The infantry had won a full measure of glory, the artillery had achieved its laurels, while the cavalry in its flank marches, its scouting parties, its lonely picket posts, had not attracted any special attention, or gained any new reputation. A feeling not wholly exempt from contempt was entertained by many towards the trooper. Evils, too, were now developed, from which this arm of the service was never afterwards wholly free. No adequate supply of rations for man or horse was provided. The trooper rode his own horse, and if lost, he alone had to replace it. The quartermaster rarely had funds to pay the valuation. The trooper’s roving for food for his horse, and his trespass upon private property were put upon that universal scapegrace Necessity, and winked at.

The regiment remained near Malvern Hill for about two weeks picketing the country on the James river below the enemy; and supporting artillery, which was sometimes ambushed near the banks of the river, and fired at transports going up. Whilst thus employed a very gallant act was performed by four young men from Company C - Privates Beale, Turner, Wheelwright, and Wright. Our picket was posted behind a barricade across the main road leading down the river. The enemy advanced a column of infantry upon this road, preceded by a few cavalry in the fields as skirmishers. Leaving the barricade, these four youths formed in the field to the right, then full of shocks of wheat recently cut, and boldly advanced to meet a squad of the mounted men. Their fire was reserved till within good range, and then so well delivered as to cause the mounted men to retreat precipitately. Their retreat was followed by that of the infantry.

Company H rejoined us here. Captain B. B. Douglas had been promoted as major, and assigned to the Fifth Regiment, Virginia Cavalry, commanded by Colonel T. L. Rosser, and Lieutenant Thomas W. Haynes became captain of Company H.

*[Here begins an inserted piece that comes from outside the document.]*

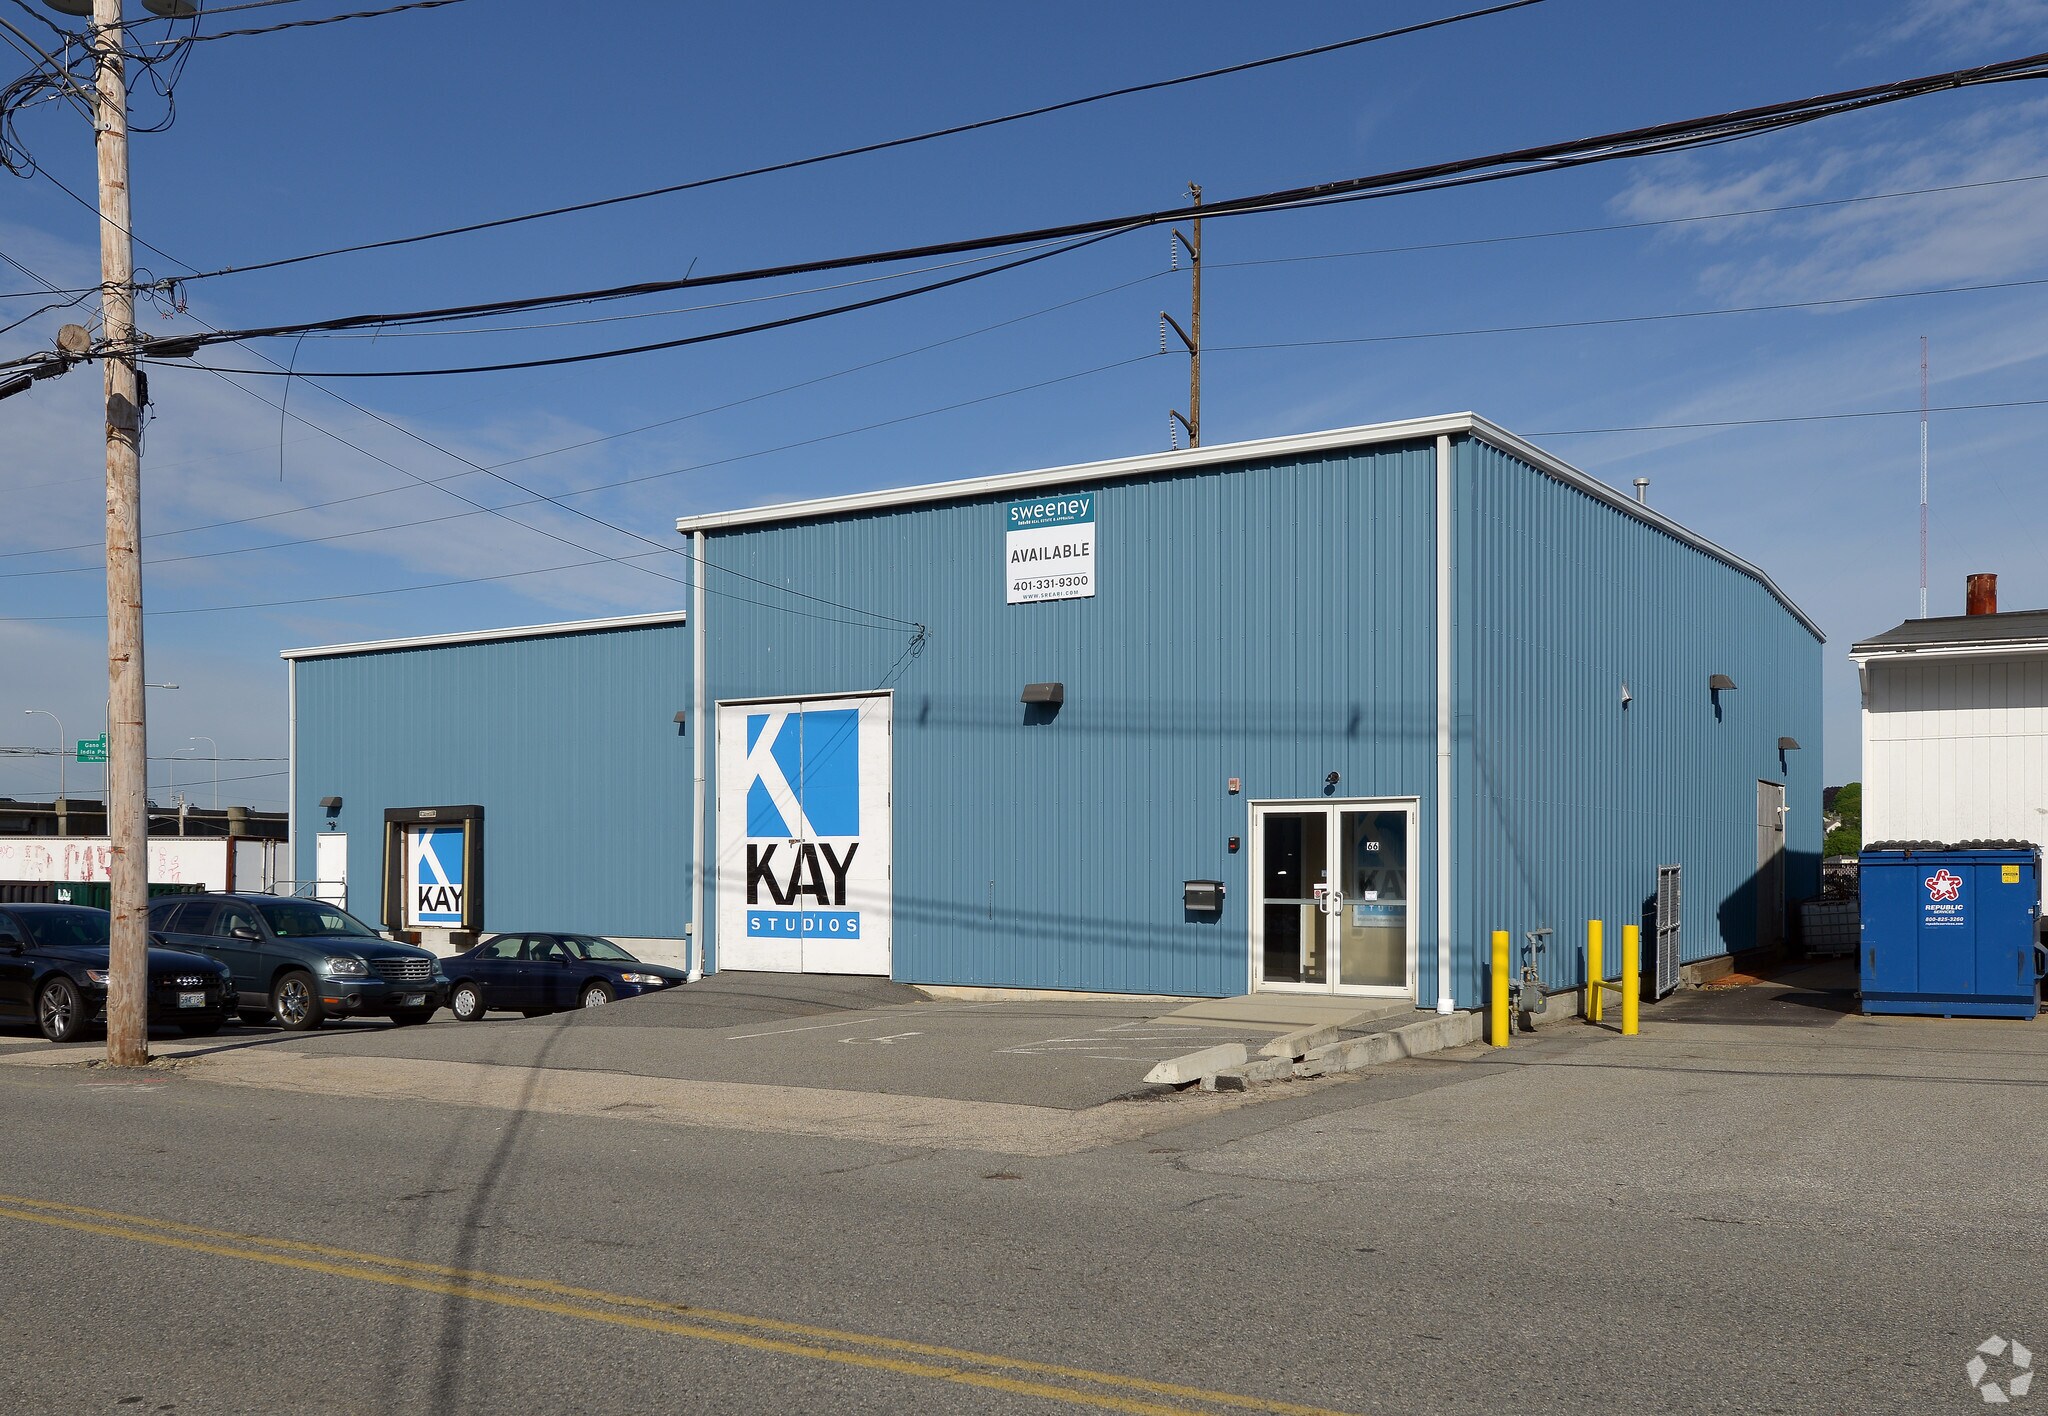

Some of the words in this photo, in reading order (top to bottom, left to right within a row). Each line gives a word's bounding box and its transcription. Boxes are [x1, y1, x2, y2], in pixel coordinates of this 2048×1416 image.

About the middle of July the regiment was moved up and camped near Atlee's Station on the Central railroad, where we remained several weeks, taking our tours of picket duty near our old ground at Malvern Hill. A squadron under Major Lewis was engaged in a skirmish while on picket, and a private of Company A was killed, and the squadron complimented in orders for gallantry.

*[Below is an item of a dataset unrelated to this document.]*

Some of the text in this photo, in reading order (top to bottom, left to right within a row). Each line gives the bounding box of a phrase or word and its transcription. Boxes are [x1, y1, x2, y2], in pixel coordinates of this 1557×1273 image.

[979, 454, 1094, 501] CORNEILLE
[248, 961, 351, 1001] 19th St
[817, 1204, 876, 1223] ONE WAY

Colonels Fitzhugh Lee and Wade Hampton, commanding the First Virginia and the Hampton Legion Cavalry, were promoted to the rank of brigadier-general, and the regiments formed into brigades. One of these, composed of the First, Third, Fourth, Fifth, and Ninth regiments, was commanded by General Fitz. Lee. Our camp was now moved to the banks of the Pamunkey, near Hanover Courthouse. Here we had regular daily drills, and some progress was made in learning regimental evolutions. Private W. Schley, of Company D, a good musician, who had been detailed for the purpose, instructed the buglers in the use of their instruments, and familiarized the men with the various calls. While at this camp Captain J. R. Jeffries, threatened with blindness, resigned, and Lieutenant R. H. Pratt succeeded him in the captaincy of Company K.